© Reuters. FILE PHOTO: The logo of the top Australian casino operator Crown Resorts adorns a fence around the Crown Perth hotel and casino complex in Western Australia
By Byron Kaye and Nikhil Nainan
SYDNEY / BENGALURU (Reuters) – shareholders of Crown Resorts Ltd (AX 🙂 voted against executive compensation, a move to dismiss its board of directors, at the company's annual general meeting on Thursday as the Australian casino giant apologized for governance deficiencies.
The vote came as part of an ongoing government investigation into suspected misconduct at Crown that cast doubt on its suitability for operating casinos in New South Wales when game development amounted to A $ 2.2 billion ($ 1.6 billion) Billion USD) on Sydney's shores nearing completion.
Crown's directors and one-third of the owner, James Packer, admitted when questioned that they made misleading public statements about the company's involvement in Chinese junket operators that may be linked to organized crime.
They also revealed that they failed to respond to warnings that may have resulted in 16 employees being jailed in China in 2016 for violating that country's anti-gambling laws, a scandal that has affected Asian operations Crown failed.
The investigation also found that Packer, who resigned from the board of directors in 2018 for mental health reasons, continued to receive trade updates and orchestrated takeover proposals despite having no formal role other than the shareholder.

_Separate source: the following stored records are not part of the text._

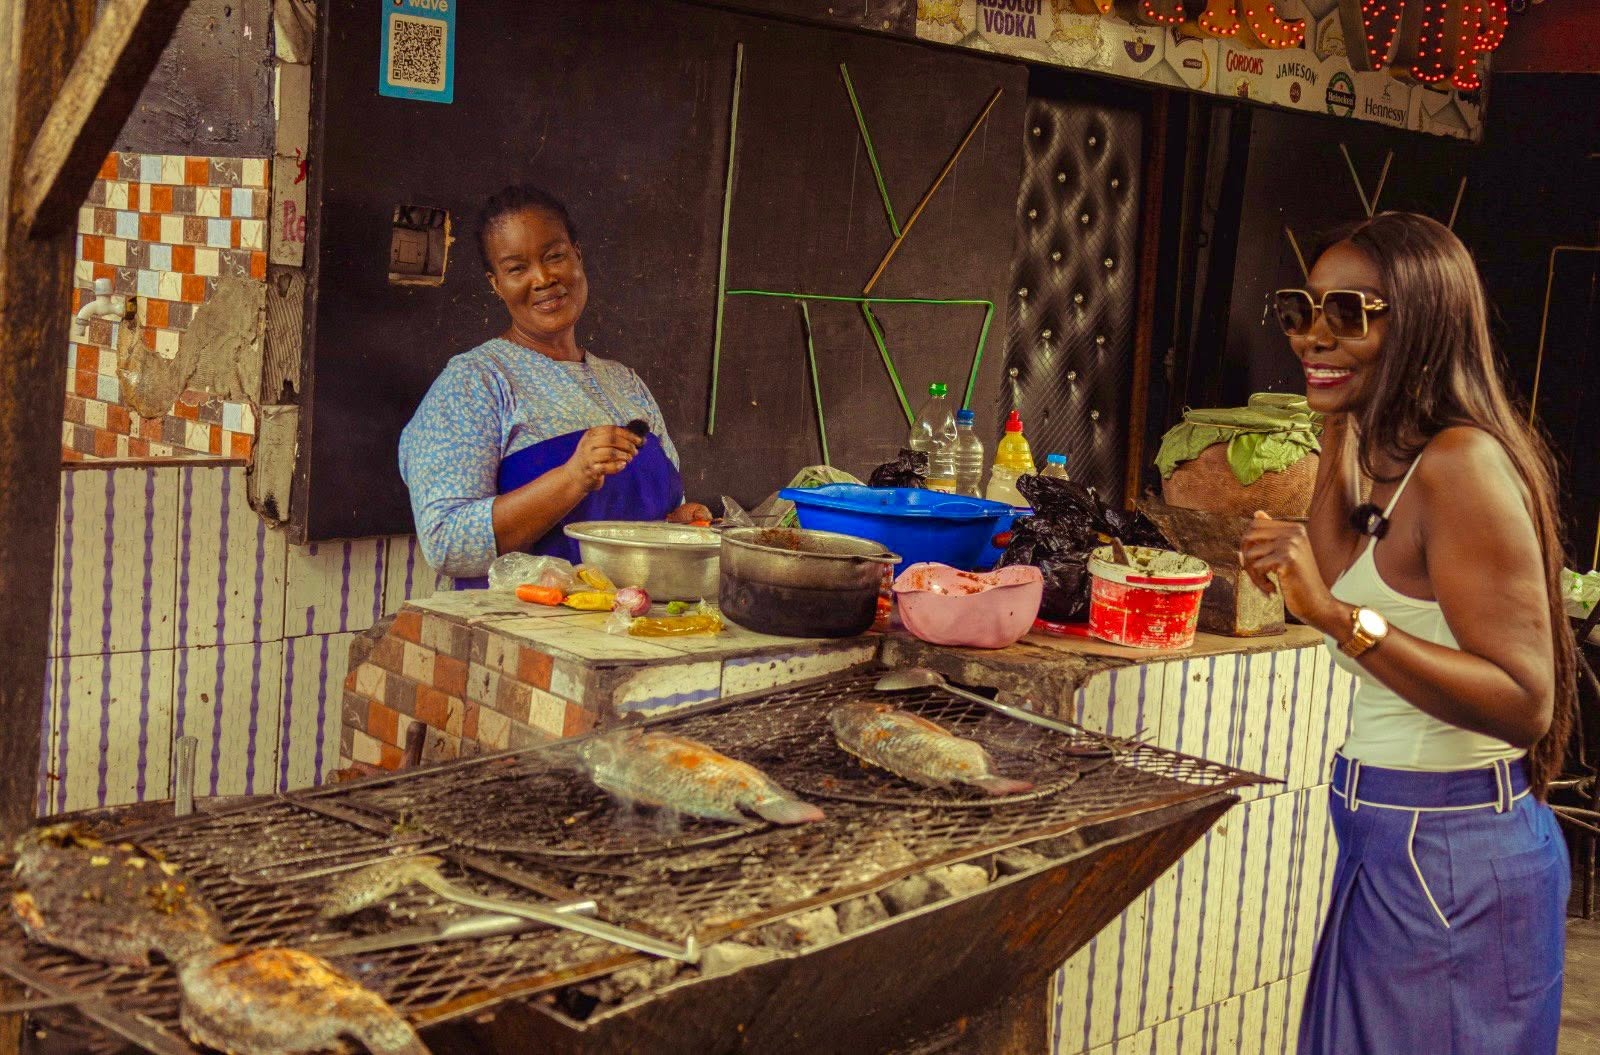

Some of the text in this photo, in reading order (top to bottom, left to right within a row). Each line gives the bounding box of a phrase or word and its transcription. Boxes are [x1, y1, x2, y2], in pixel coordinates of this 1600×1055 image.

[976, 0, 1042, 16] OLUT
[983, 8, 1037, 40] VODKA
[1276, 62, 1319, 86] JAMESON
[1364, 97, 1407, 126] Hennessy
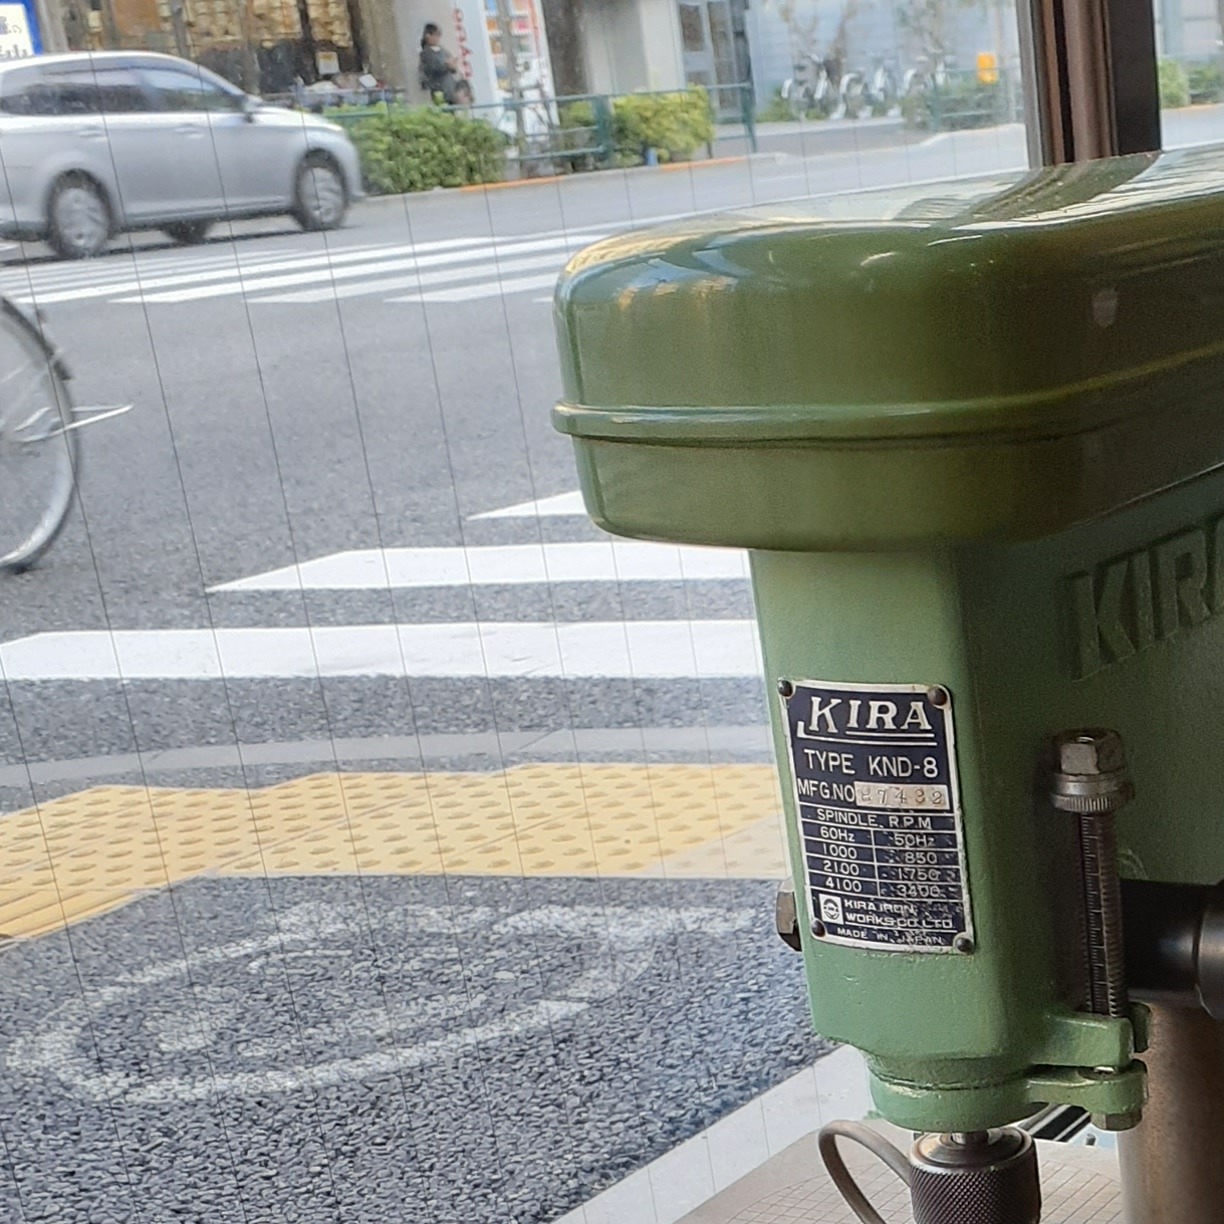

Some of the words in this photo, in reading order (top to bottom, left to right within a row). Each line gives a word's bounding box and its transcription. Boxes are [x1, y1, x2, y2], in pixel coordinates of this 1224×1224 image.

[808, 696, 933, 733] KIRA
[803, 749, 855, 774] TYPE
[868, 755, 939, 778] KND-8
[797, 778, 855, 802] MFG.NO
[820, 826, 856, 842] 60Hz
[894, 833, 935, 847] 50Hz
[822, 843, 858, 860] 1000
[905, 851, 938, 864] 850
[823, 860, 860, 876] 2100
[898, 867, 941, 881] 1750
[825, 877, 863, 893] 4100
[896, 884, 941, 898] 3400
[844, 899, 877, 911] KIRA
[878, 903, 915, 915] IRON
[845, 912, 895, 927] WORKS
[837, 927, 869, 940] MADE
[876, 932, 889, 941] IN

"I apologize unreservedly for these shortcomings," said Chairwoman Helen Coonan at the virtual meeting.
"The vote … reflects the dissatisfaction with the performance of the board of directors and the company, particularly with regard to evidence emerging from the (regulatory) investigation."

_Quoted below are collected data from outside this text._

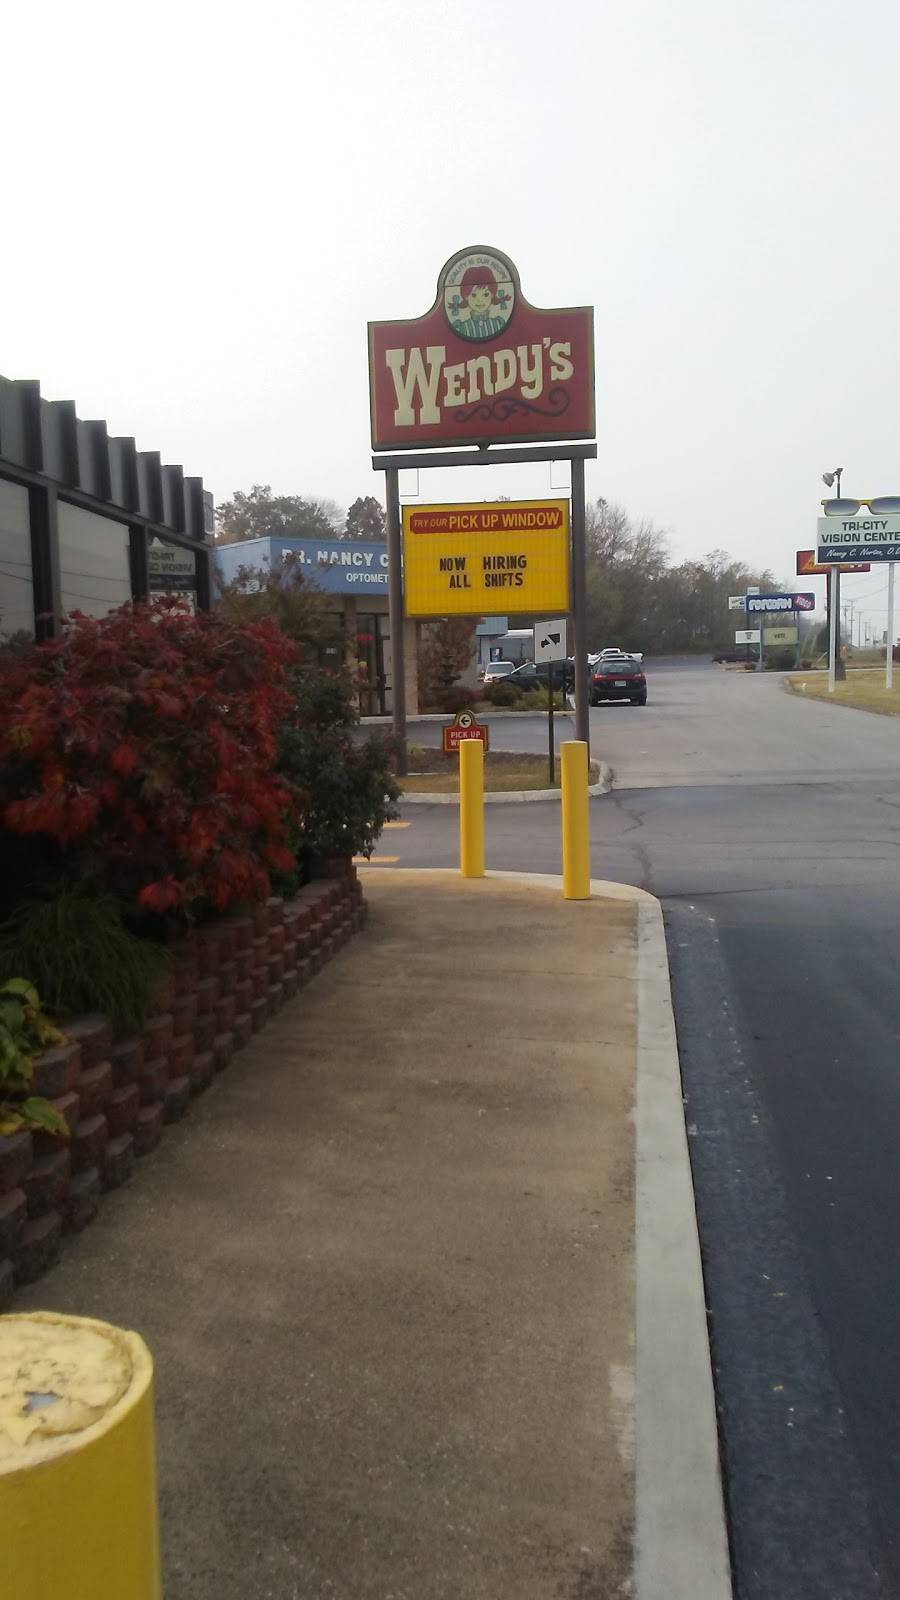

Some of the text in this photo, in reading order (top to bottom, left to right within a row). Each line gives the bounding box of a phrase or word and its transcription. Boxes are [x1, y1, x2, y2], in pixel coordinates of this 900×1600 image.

[385, 337, 574, 426] Wendy's
[413, 511, 560, 529] TRY OUR PICK UP WINDOW
[841, 520, 888, 531] TRI-CITY
[821, 533, 861, 544] VISION
[317, 550, 374, 567] NANCY
[826, 549, 848, 559] Nancy
[439, 554, 527, 572] NOW HIRING
[346, 572, 389, 584] OPTOMET
[449, 572, 524, 589] ALL SHIFTS
[450, 730, 481, 739] PICK UP
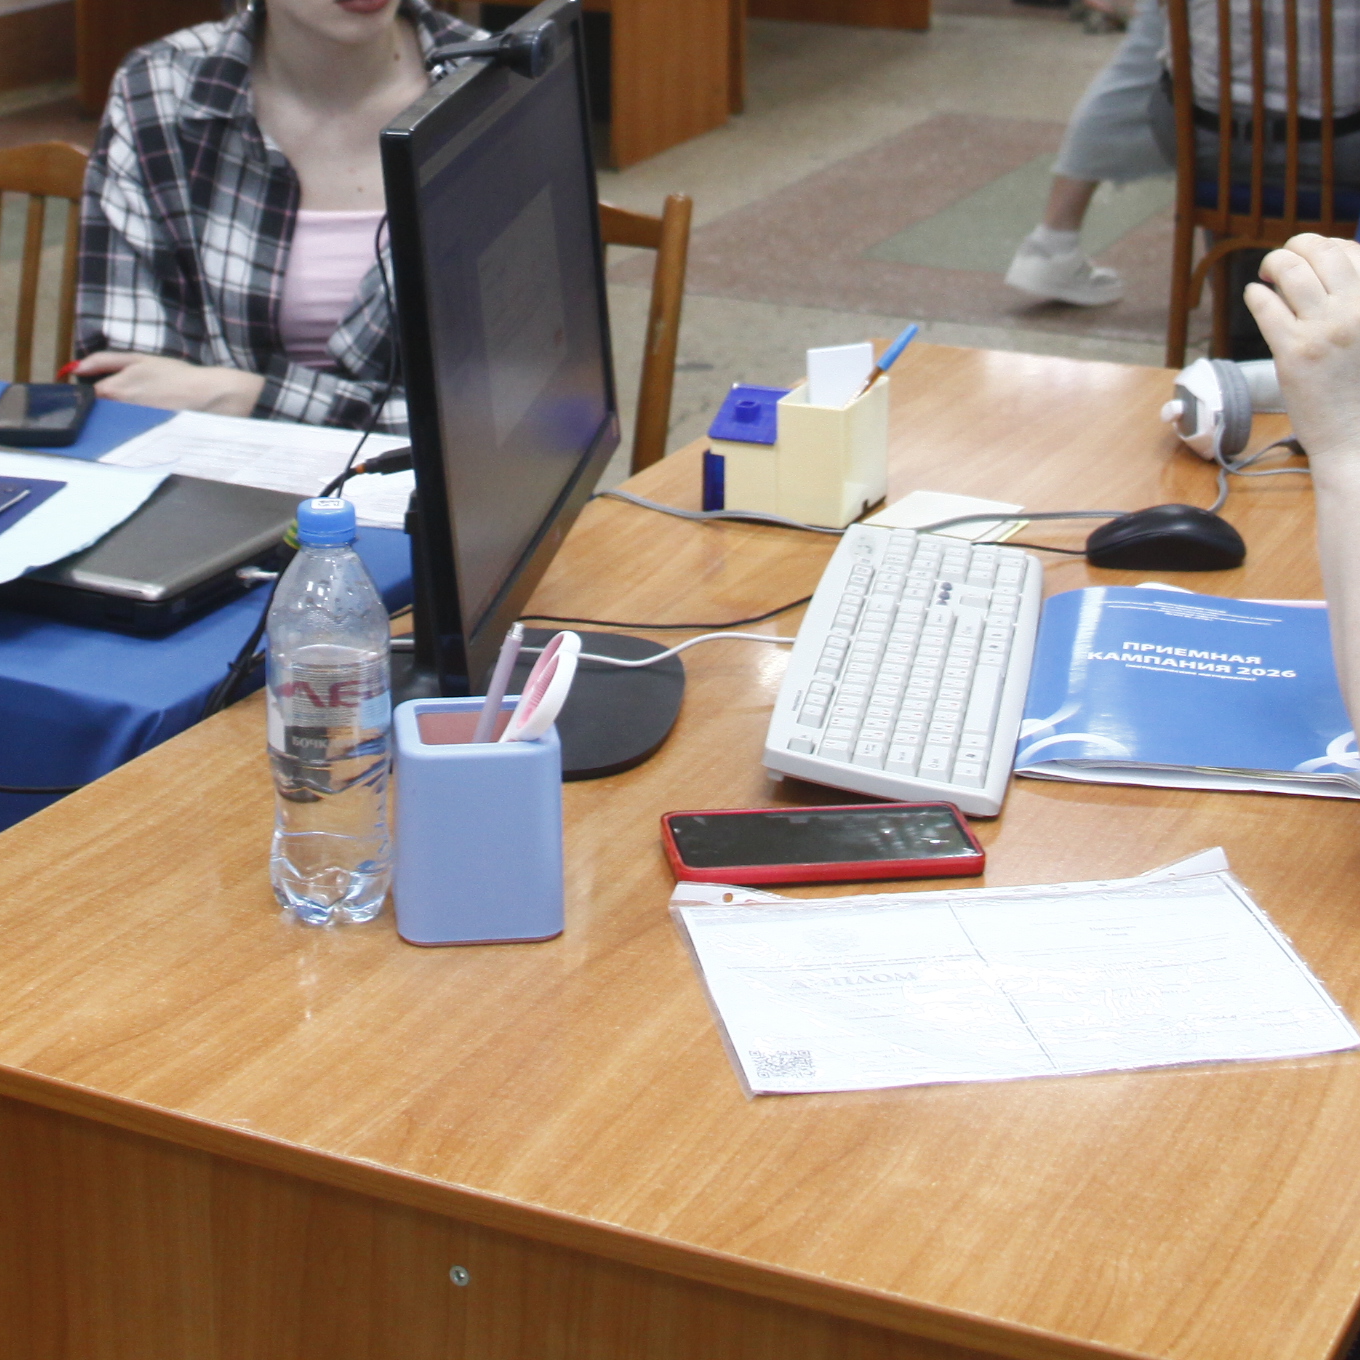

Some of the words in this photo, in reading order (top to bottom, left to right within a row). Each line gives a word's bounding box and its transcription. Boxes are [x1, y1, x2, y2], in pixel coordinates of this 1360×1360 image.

[1087, 651, 1231, 674] КАМПАНИЯ
[1236, 666, 1297, 678] 2026
[1122, 641, 1262, 665] ПРИЕМНАЯ

The owners of 34.3% of Crown shares voted against a resolution to adopt the compensation report. This was more than the 25% required to be considered a dissenting vote.
Under the Australian "two-strike" rule, if shareholders vote against a company's compensation report for two consecutive years, they can request a new resolution to remove the entire board of directors.
Three Crown directors standing for re-election received more than 50% of the vote they needed, but Vice Chairman John Horvath said he would step down after receiving a 58.4% vote. He told the meeting that it was appropriate to quit because he was relying on the re-election of Packer's vote.
A day earlier, Crown terminated an agreement revealed by the investigation to share confidential information with Packer. The company is also under investigation by the Australian Financial Criminal Police Department on suspicion of violating anti-money laundering protocols.
Crown shares fell slightly in the middle of the session on Thursday, in line with the broader Australian market (). The stock has fallen about 30% since February when concerns about the new coronavirus-related shutdowns sent global markets into turmoil.